Stem cells from cloned mouse embryos are indistinguishable from those obtained using mouse IVF embryos, say US researchers. The team, based at the Whitehead Institute in Cambridge, Massachusetts, showed that gene activity 'profiles' of embryonic stem cells (ES cells) from the two sources are virtually identical. The findings, published in the Proceedings of the National Academy of Sciences (PNAS), suggest that cloned ES cell lines do not have genetic abnormalities that would prevent them being used for new therapies. However, it is not known whether the same would be true for human cloned ES cells.
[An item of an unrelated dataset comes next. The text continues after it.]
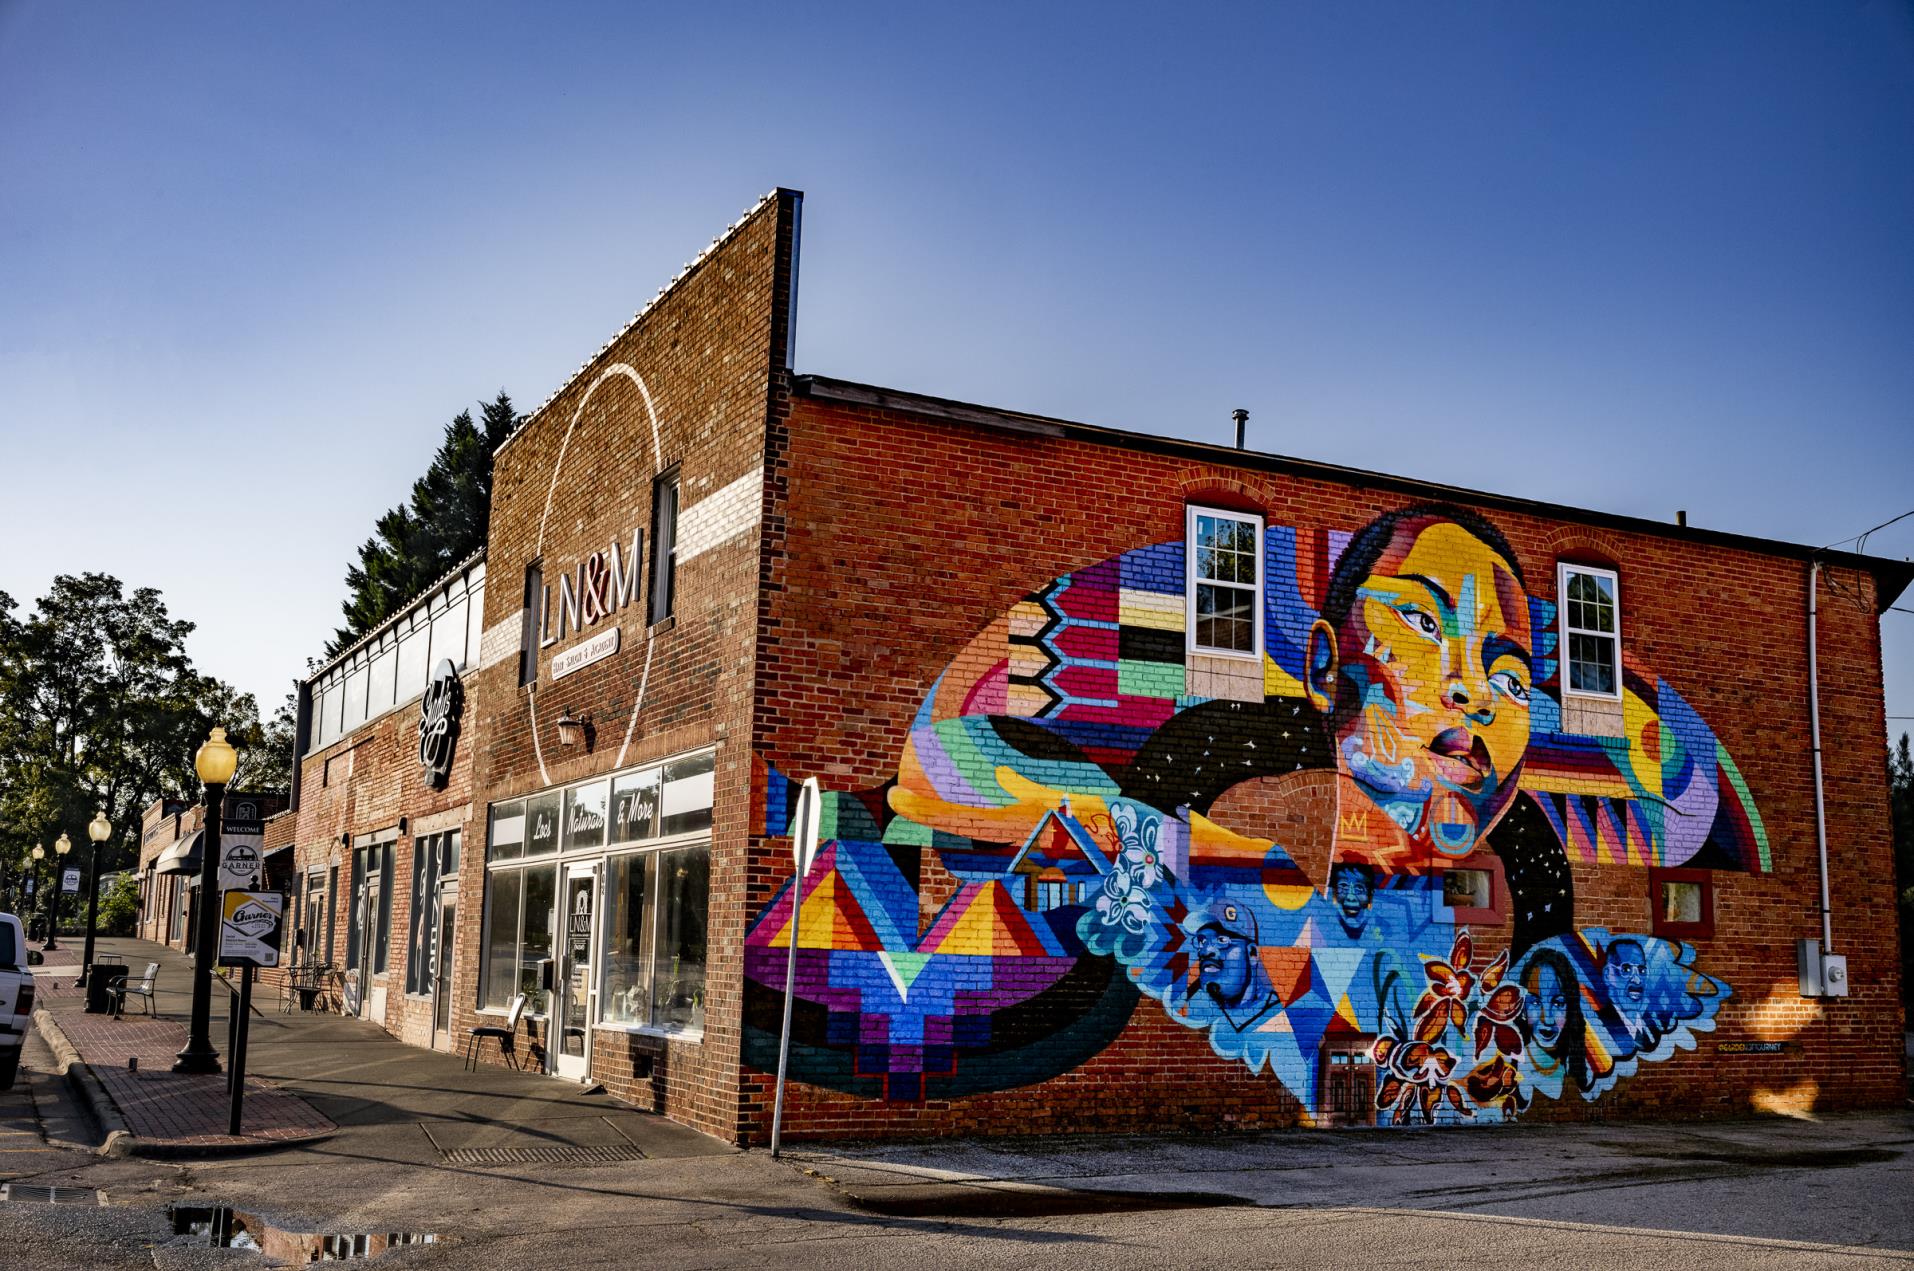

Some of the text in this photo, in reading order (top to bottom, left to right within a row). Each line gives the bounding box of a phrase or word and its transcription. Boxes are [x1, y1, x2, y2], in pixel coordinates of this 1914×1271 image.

Cloning, or SCNT (somatic cell nuclear transfer), involves taking the nucleus from a donor body cell and inserting into an unfertilised egg cell emptied of its own genetic material. The resulting cell is then stimulated so that it begins to divide and develop in the same way as a fertilised egg. However, for this to happen, the genetic information from the donor cell must be successfully returned to an embryonic state. This 'reprogramming' process reactivates crucial genes required by the growing embryo, and switches off others that are not required.
Reprogramming errors are thought to be responsible for the high failure rates seen in animal reproductive cloning experiments. In the latest study, the researchers wanted to find out if such genetic abnormalities can be passed on to ES cells derived from cloned embryos. They transferred nuclei from mouse immune system cells and skin cells into donor eggs, and managed to grow ES cells from a handful of the resulting embryos. The team then looked at the activity of over 30,000 different genes in five of the ES cell lines, and compared the results to the gene activity profiles of ES cells obtained from mouse IVF embryos. Although they could tell the difference between cell lines derived from different animals, the researchers couldn't distinguish those from cloned and IVF embryos.
Team leader Tobias Brambrink said that a major concern for potential human ES cell therapies is that such cells might have abnormal gene activity that could trigger cancer. 'You want to make sure that the cells you use for therapy are actually normal and are not in any way screwed up to start with', he said. He claims that his paper 'shows that it's worth the effort to clone an embryo and make a stem cell line because it should be useful for therapy'. However, there are 'huge differences' between mouse and human embryos, as Miodrag Stojkovic, of the Principe Felipe Reserch Center in Valencia, Spain told the Scientist magazine. Also, following the recent exposure of the South Korean reports of cloned human embryos as fraudulent, no-one yet knows if it will be possible to grow cloned human embryos for long enough to derive ES cell lines.